The Kronprins Harald was built in 1987 by Oy Wartsila AB, Turku, Finland for Jahre Line of Norway for their Oslo – Kiel service. In 1991 she was transferred to Colour Line ownership. In January 2007 ICG announced that they had bough the vessel for Irish Ferries to replace the Normandy. She was chartered back to Colour Line for the summer of 2007 after which she was handed over to Irish Ferries in October, who and refitted in Fredericia, Denmark prior to entering service on November 30th.

Fast Ferries:

Jonathan Swift

Built 1999
Austral Ships, Australia
Size 5,992gt
86.6M x 24M x 3.2M
Capacity Passengers:800
Cars:200
Engines
Speed
4 x Caterpillar (28, 800kW)
39 knots
Route Dublin-Holyhead

The Jonathan Swift is named after another one of Dublin’s famous writers.

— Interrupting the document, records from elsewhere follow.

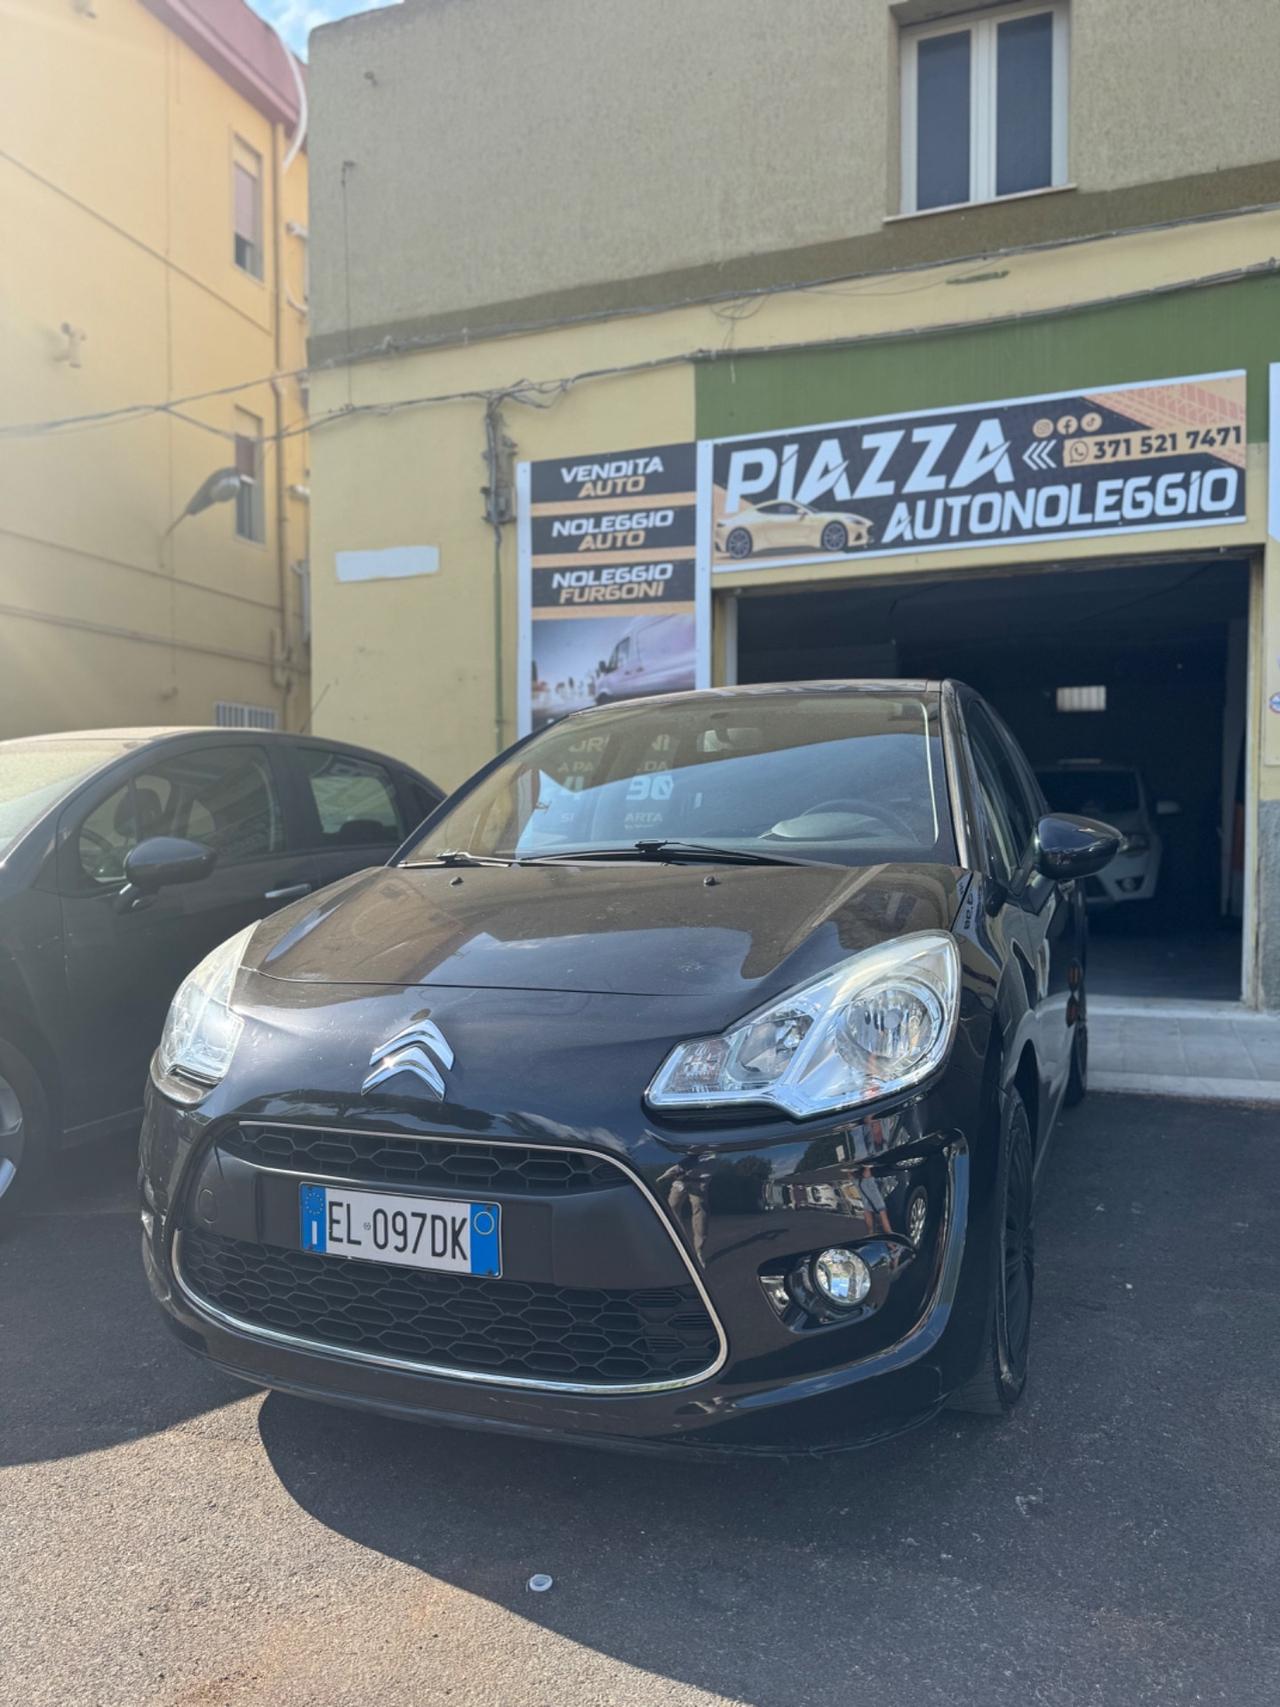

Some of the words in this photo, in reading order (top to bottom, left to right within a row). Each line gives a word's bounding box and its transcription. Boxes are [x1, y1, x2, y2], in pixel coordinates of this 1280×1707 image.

[1093, 438, 1132, 460] 371
[1140, 433, 1177, 455] 521
[1186, 425, 1241, 449] 7471
[560, 456, 664, 483] VENDITA
[724, 418, 1015, 515] PIAZZA
[578, 476, 646, 498] AUTO
[881, 467, 1238, 543] AUTONOLEGGIO
[552, 509, 675, 537] NOLEGGIO
[578, 530, 646, 551] AUTO
[552, 563, 673, 588] NOLEGGIO
[559, 581, 664, 604] FURGONI

Her deliverer voyage took 24 days travelling 10,354 nautical miles, and takeing in Indonesia, Suez, Greece and Gibraltar before her arrival in Dublin. She crosses the Irish Sea in just 1 hour and 49 minutes and her onboard facilities include her restaurant, bar, reading lounge (named after the oldest college in Ireland), and a TV lounge.

Chartered Vessels

ICG also charters a number of vessels out to other companies

Isle of Innisfree/Chalanger

Built 1987
Oy Wartsila AB, Turku, Finland
Size 22.365gt
181,60 x 23,40 x 5,60 m
Capacity Passengers: 1,650
Berths: 132
Cars: 600
Engines
Speed
4 x Sulzer 8ZAL40S (32,040 kW)
21kts
Route Picton – Wellington

The Isle of Innisfree was delivered to Irish Ferries in January 1994 for Fublin-Holyhead service. Following the introduction of the Isle of Innismore in 1997 she headed south to Rosslare to take up the Rosslare-Pembroke Dock service in April. When the Ulysses was introduced in Dublin in 2001, she was again replaced by the Innismore, and laid up, firstly in Dublin May, and then in Le Havre in June. In March 2002 she was chartered to P&O Ferries, and sent to A&P Falmouth for refit, and was renamed Pride of Cherbourg. In May 2002 she took up Portsmouth – Cherbourg service, but following P&O’s business review, was displaced as a result of the clousure of all services to/from Cherbourg in Janurary 2005. Following her final sailing and destoring she headed to Poland for re-fit, and a sub-charter to Stena Line and renamed “Stena Challenger” operating between Karlskrona and Gdynia until June, when she was again sub-chartered by P&O to New Zeland (via Panama) for service with Interislander as “Challenger” sailing in the Cook Straight between Picton and Wellington.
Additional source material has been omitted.